_Saved entries_.
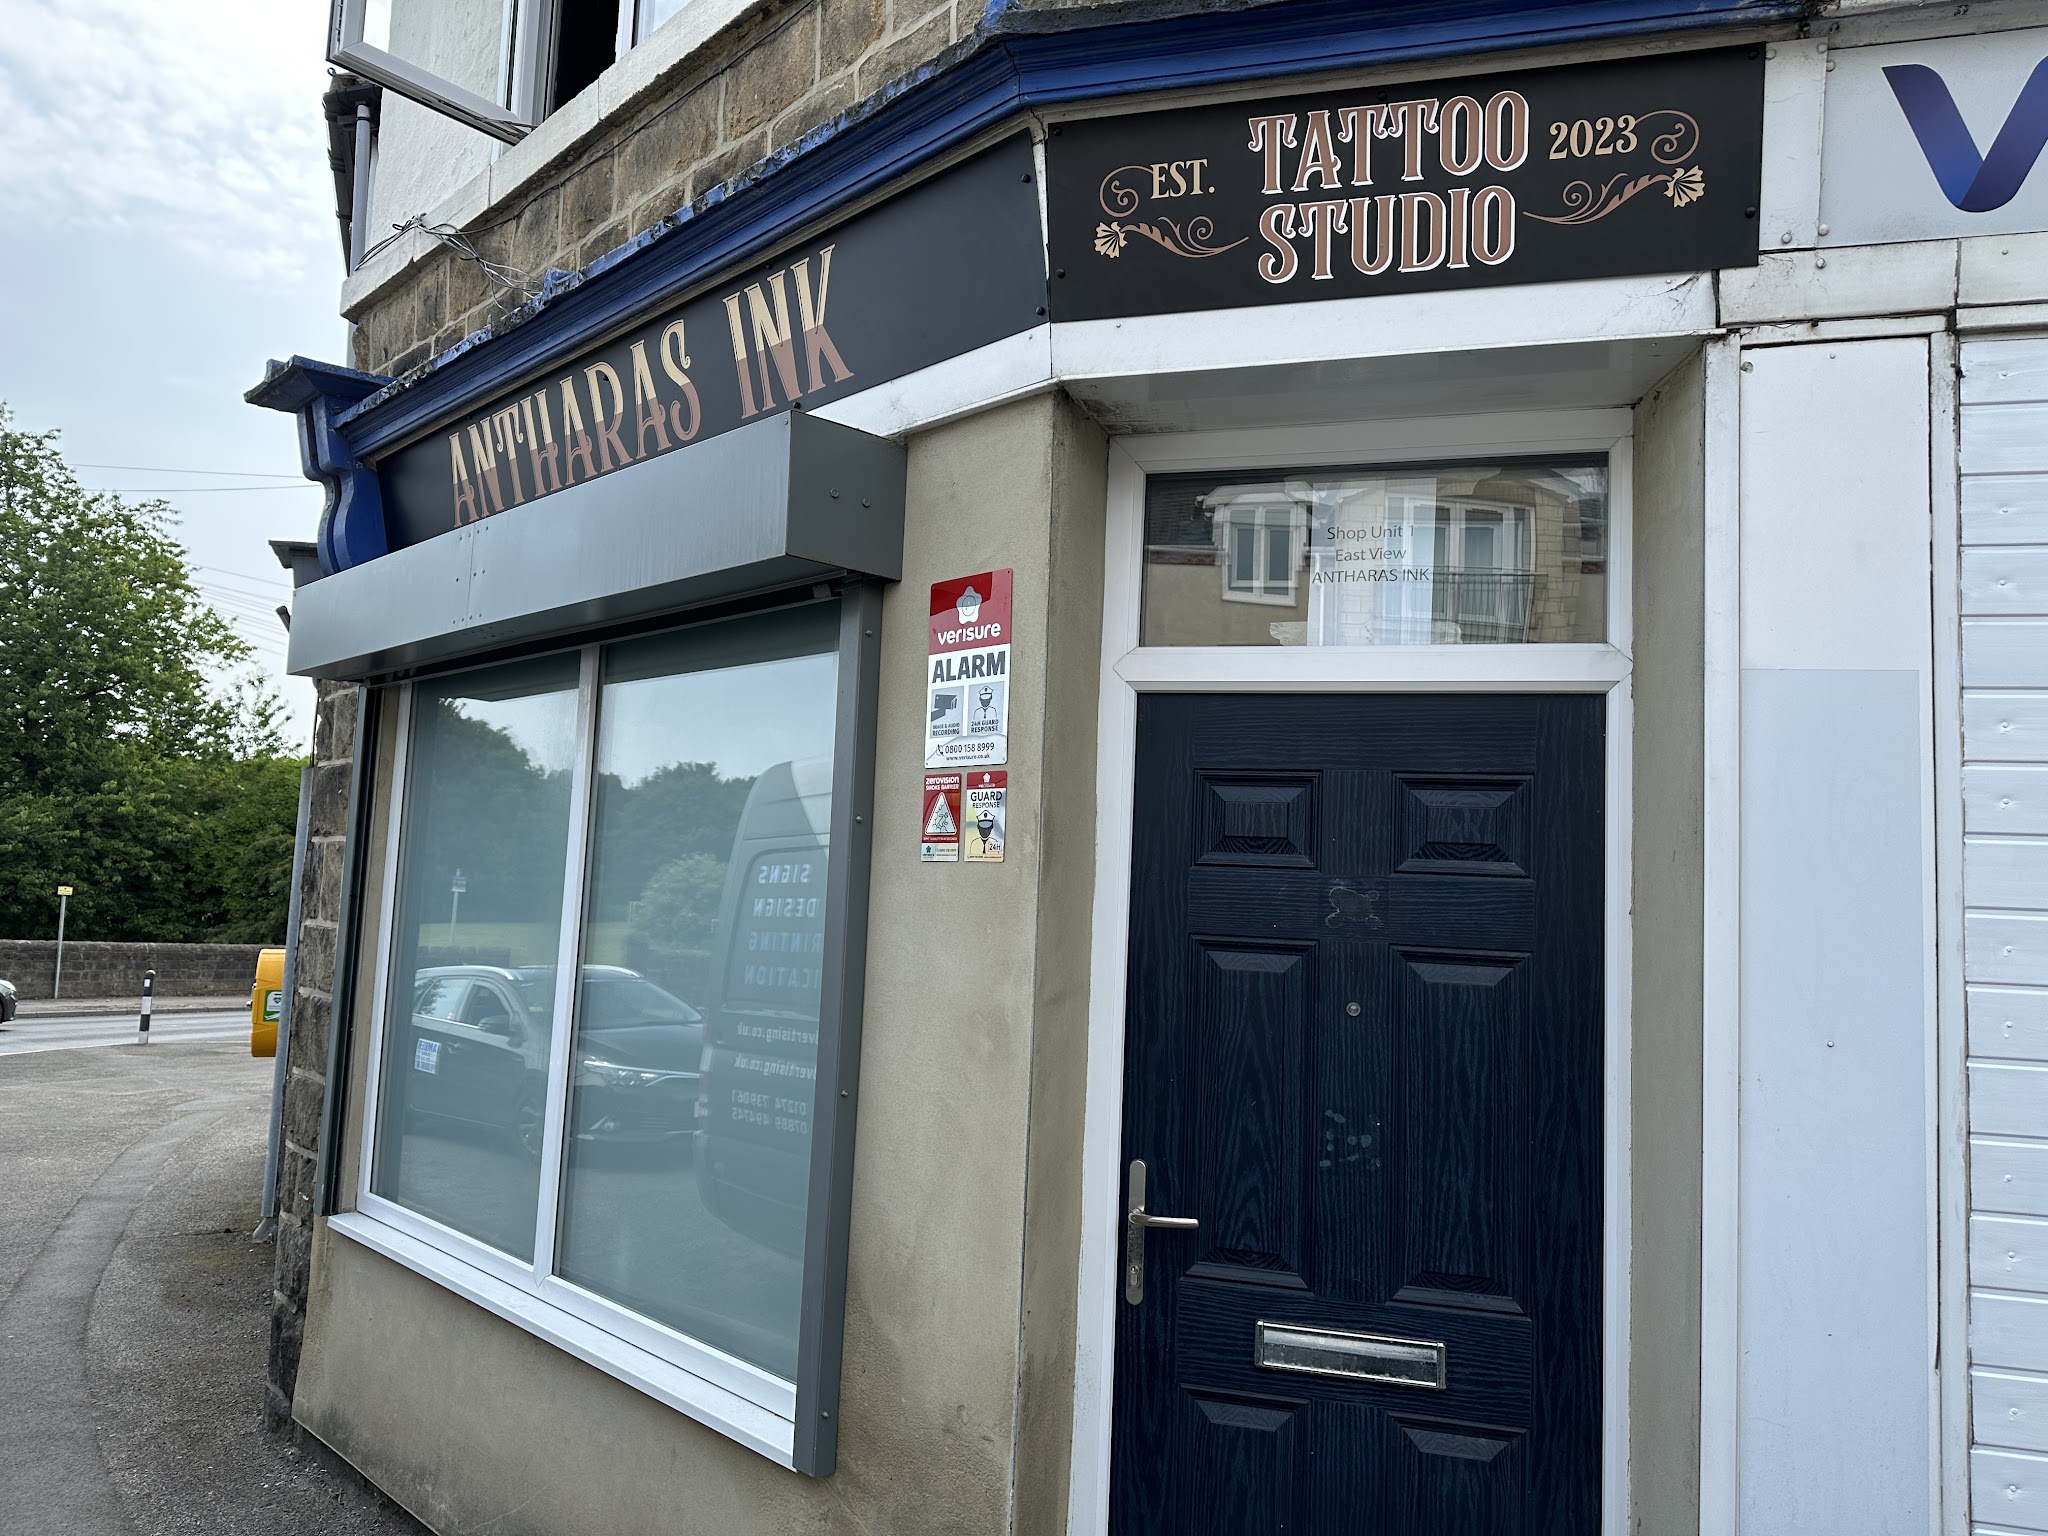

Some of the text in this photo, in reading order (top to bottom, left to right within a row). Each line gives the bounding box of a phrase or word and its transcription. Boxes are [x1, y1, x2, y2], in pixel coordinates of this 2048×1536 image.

[1247, 90, 1530, 195] TATTOO
[1548, 114, 1639, 160] 2023
[1150, 158, 1215, 199] EST.
[1258, 185, 1517, 284] STUDIO
[448, 243, 855, 529] ANTHARAS INK
[1326, 525, 1367, 541] Shop
[1371, 524, 1403, 539] Unit
[1335, 546, 1407, 562] East View
[1311, 567, 1430, 584] ANTHARAS INK
[938, 622, 1001, 646] verisure
[932, 650, 1006, 683] ALARM
[932, 728, 960, 736] RECORDING
[970, 725, 999, 733] RESPONSE
[945, 742, 995, 754] 0800 158 8999
[946, 753, 991, 761] www.verisure.co.uk
[925, 776, 960, 785] zerovision
[970, 791, 1003, 802] GUARD
[972, 801, 1000, 809] RESPONSE
[989, 843, 1001, 851] 24H
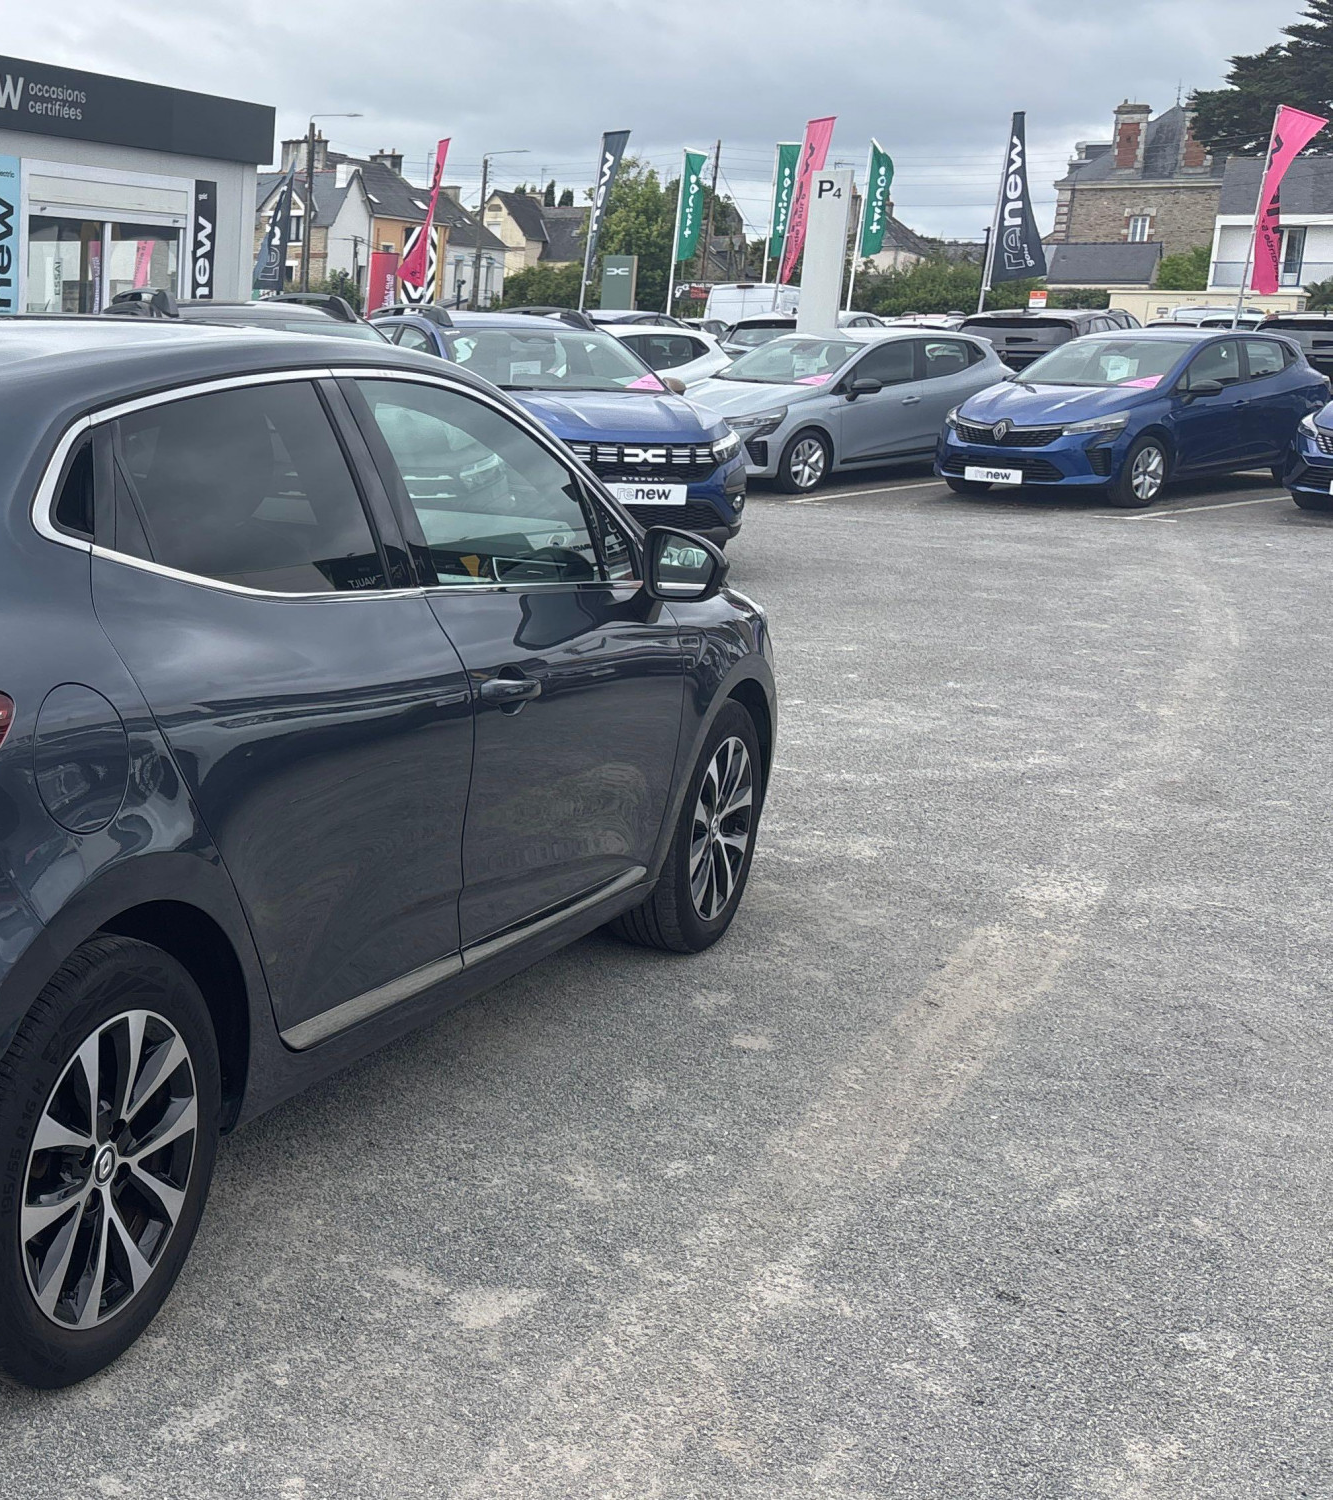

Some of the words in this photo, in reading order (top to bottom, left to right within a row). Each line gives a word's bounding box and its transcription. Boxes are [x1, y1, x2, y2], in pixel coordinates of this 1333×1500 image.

_What is expected_.
Every last line above must be reproduced as written, and no pictures belong in the copy.

_Result of this exercise_.
Some of the text in this photo, in reading order (top to bottom, left to right within a row). Each line gives the bounding box of a phrase or word and its transcription. Boxes are [x1, y1, x2, y2], in pixel coordinates of this 2048×1536 image.

[1247, 90, 1530, 195] TATTOO
[1548, 114, 1639, 160] 2023
[1150, 158, 1215, 199] EST.
[1258, 185, 1517, 284] STUDIO
[448, 243, 855, 529] ANTHARAS INK
[1326, 525, 1367, 541] Shop
[1371, 524, 1403, 539] Unit
[1335, 546, 1407, 562] East View
[1311, 567, 1430, 584] ANTHARAS INK
[938, 622, 1001, 646] verisure
[932, 650, 1006, 683] ALARM
[932, 728, 960, 736] RECORDING
[970, 725, 999, 733] RESPONSE
[945, 742, 995, 754] 0800 158 8999
[946, 753, 991, 761] www.verisure.co.uk
[925, 776, 960, 785] zerovision
[970, 791, 1003, 802] GUARD
[972, 801, 1000, 809] RESPONSE
[989, 843, 1001, 851] 24H

Some of the words in this photo, in reading order (top to bottom, left to right within a row). Each line gives a word's bounding box and its transcription. Boxes are [x1, y1, x2, y2], in pixel coordinates of this 1333×1500 image.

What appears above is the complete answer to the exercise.